Pelicans executive vice president of basketball operations David Griffin says Van Gundy is a good fit for his players because he is so woke.
Supporting Colin Kaepernick was also a big step for the woke Van Gundy: “When he took a knee, and racial justice became forefront, and you’re in a business where 75, 80% of the people that you’re working with, players, staff, everybody is Black, and you’re hearing their stories, and the pain and things like that.”
Van Gundy says in the interview that white people talking up white privilege alienates a lot of white folks who don’t personally feel they are privileged:
“ … They don’t have money. They’re working their a– off just to get by, and they’re like, ‘What the hell are you talking about? There’s no such thing as white … I’m not privileged.’ You may not have an easy life, but you’re not oppressed simply because of the color of your skin. That’s the difference. I’m not going to get pulled over driving around at night, I’m not, just because of the color of my skin. I’m not going to get a DWB [Driving While Black], I’m not. That’s white privilege.”
Van Gundy tries to shut down white people who claim they or a family member built a business from nothing. He doesn’t get this, but he reinforces stereotypes by telling them things like, ‘‘Yeah, but there were no laws, or societal norms working against him. He got a chance to pull himself up by the bootstrap, so to speak. Other people didn’t. They’re going to segregated schools.’ That’s the part that people miss.”

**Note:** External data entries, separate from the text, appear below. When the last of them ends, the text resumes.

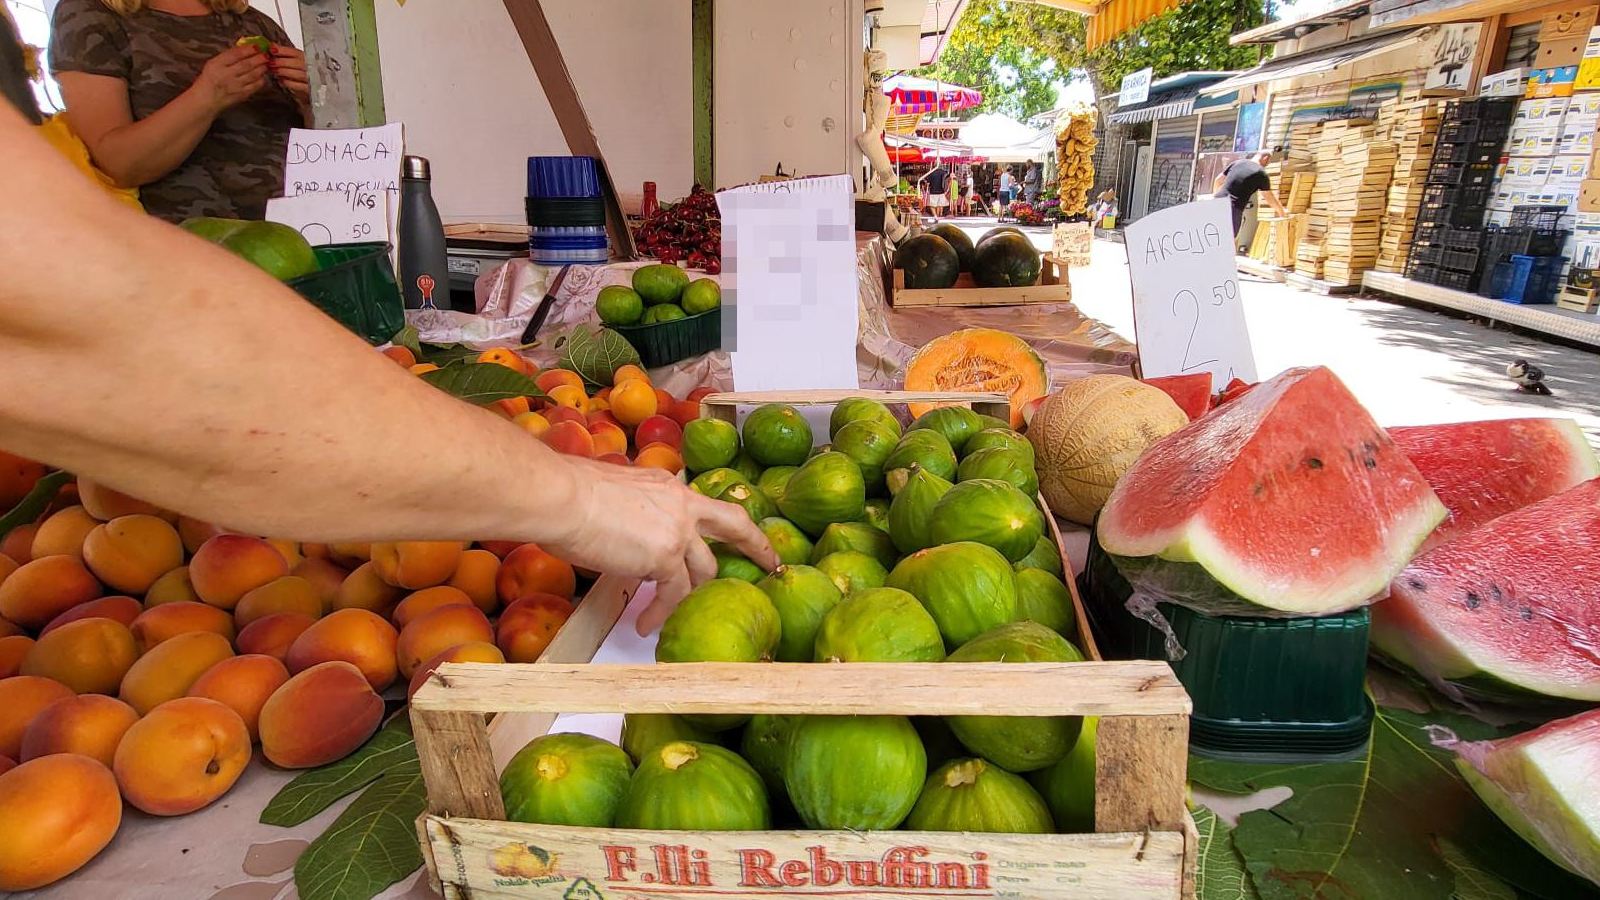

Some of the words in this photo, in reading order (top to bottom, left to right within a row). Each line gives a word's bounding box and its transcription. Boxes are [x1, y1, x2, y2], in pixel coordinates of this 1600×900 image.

[288, 132, 390, 164] DOMAĆA
[353, 223, 371, 238] 50
[1145, 222, 1221, 265] AKCIJA
[1172, 289, 1219, 372] 2
[1213, 279, 1237, 306] 50
[599, 844, 713, 886] F.lli
[737, 845, 992, 889] Rebuffini
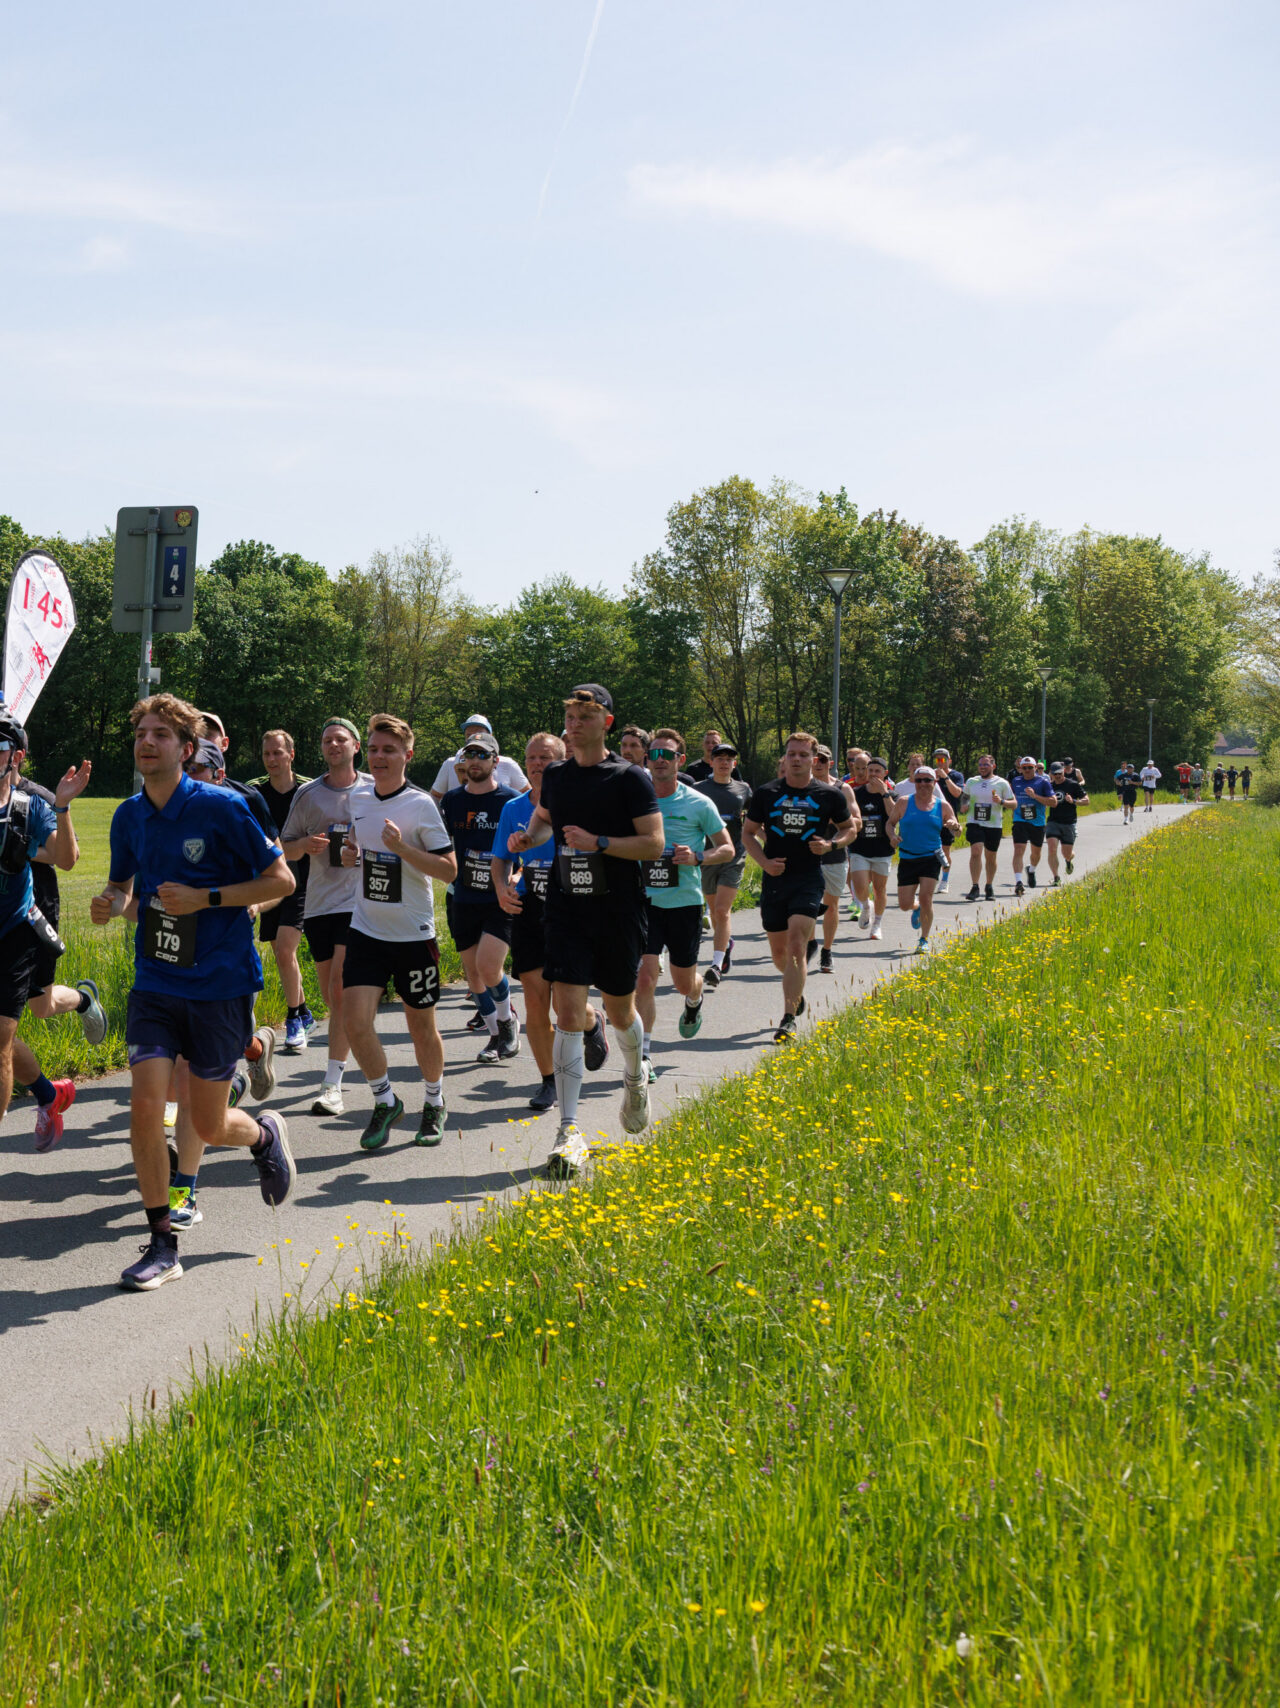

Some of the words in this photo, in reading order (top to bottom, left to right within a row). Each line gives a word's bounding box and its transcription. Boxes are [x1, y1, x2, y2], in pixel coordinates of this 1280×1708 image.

[170, 564, 179, 581] 4
[37, 591, 63, 629] 45
[783, 813, 806, 826] 955
[471, 870, 490, 882] 185
[570, 871, 593, 885] 869
[649, 868, 669, 880] 205
[368, 876, 390, 892] 357
[155, 930, 180, 952] 179
[408, 966, 438, 993] 22
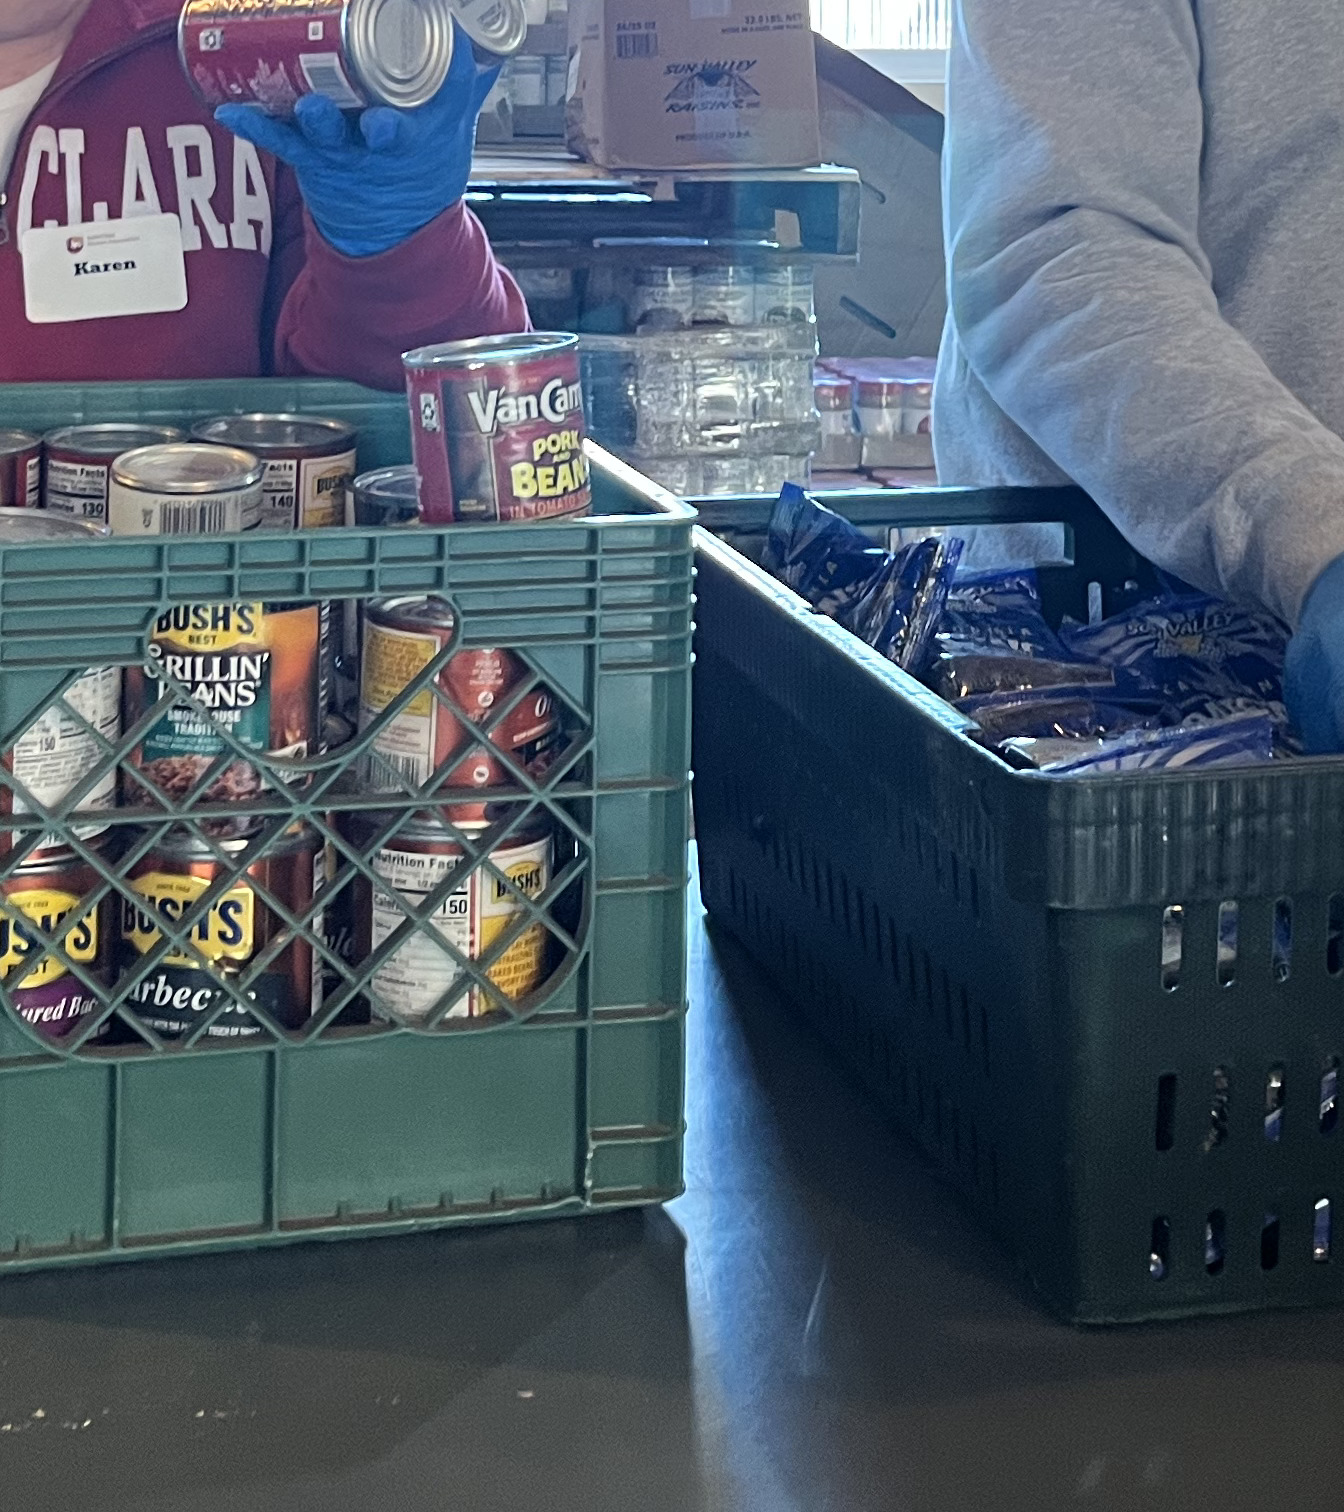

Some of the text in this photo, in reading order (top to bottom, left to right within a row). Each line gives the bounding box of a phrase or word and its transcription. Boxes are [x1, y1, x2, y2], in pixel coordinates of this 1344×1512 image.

[663, 63, 698, 75] SUN
[16, 123, 272, 257] CLARA
[74, 259, 137, 276] Karen
[467, 390, 538, 434] Van
[532, 429, 580, 462] PORK
[81, 502, 104, 516] 130
[270, 495, 294, 508] 140
[156, 602, 256, 635] BUSH'S
[442, 899, 468, 915] 150
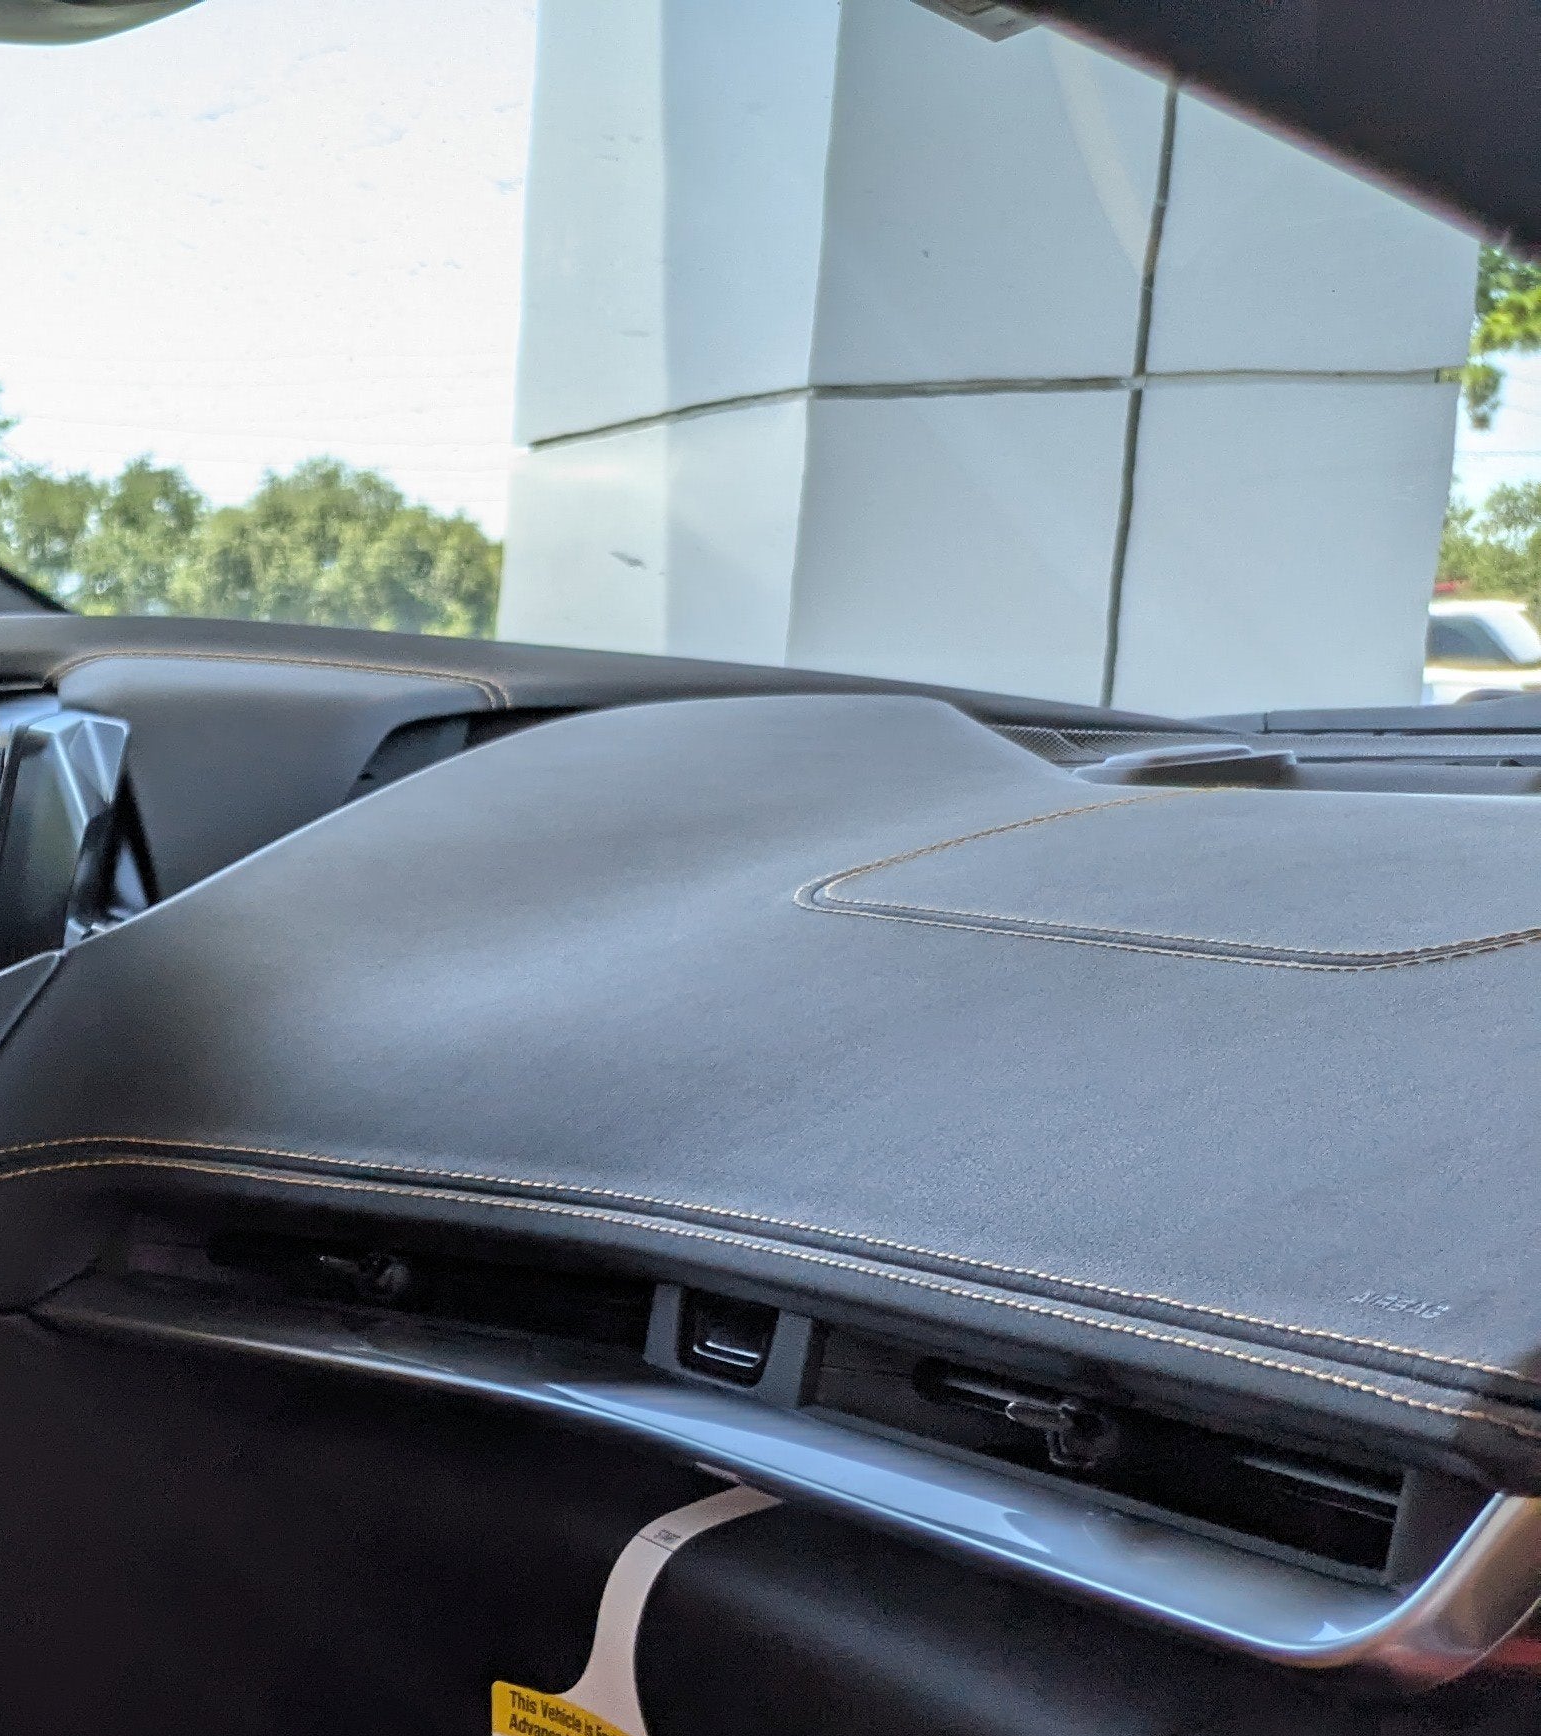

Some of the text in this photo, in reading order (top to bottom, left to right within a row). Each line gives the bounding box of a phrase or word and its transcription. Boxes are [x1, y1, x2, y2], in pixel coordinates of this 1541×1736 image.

“Some people aren’t even allowed that opportunity to work their a– off to get to where they are, and if they are, it’s only come about really recently,” says the coach of an NBA team with 11 jet-setting, millionaire African Americans.
The 2016 election haunts Van Gundy, who says …
“The one thing probably of all the political stuff I’ve done that I regret was the day after the 2016 election. I went off on a rant. We were in Phoenix, and after a walk-through, I went on a rant about the election in 2016, and I disparaged voters for their vote, and assuming that I knew their motivations, and everything else. That part I regretted. That’s the only part I regret. I didn’t regret 90% of what I said."
The coaches of San Antonio (Greg Popovich) and Golden State (Steve Kerr) are much better known than Van Gundy, but he is impressed with how those two allegedly don’t alienate people turned off by their left-wing politics and hatred of President Trump.
“Both of them had been a lot better in that space at that than I have, so I’m trying to learn from them, and find my way there because … at the end of the day, I think we’re all trying to make a difference for people,” Van Gundy says.
Near the end of the interview, Van Gundy says he enjoys living in New Orleans more than the conservative area of Florida where he previously resided. “And just the diversity of the entire city. Political diversity, racial diversity, LGBTQ diversity. It’s different than anywhere we’ve ever lived, quite honestly,” he told Spears.
Van Gundy’s and the NBA’s prattling for social justice is just not resonating with television viewers. The 2020 season’s NBA Finals hit embarrassing lows, and Friday’s Christmas Day game ratings spiraled downward, too. The abysmal ratings for Friday’s Lakers-Mavericks game were down 21 percent compared to last year’s game between the Clippers and Lakers.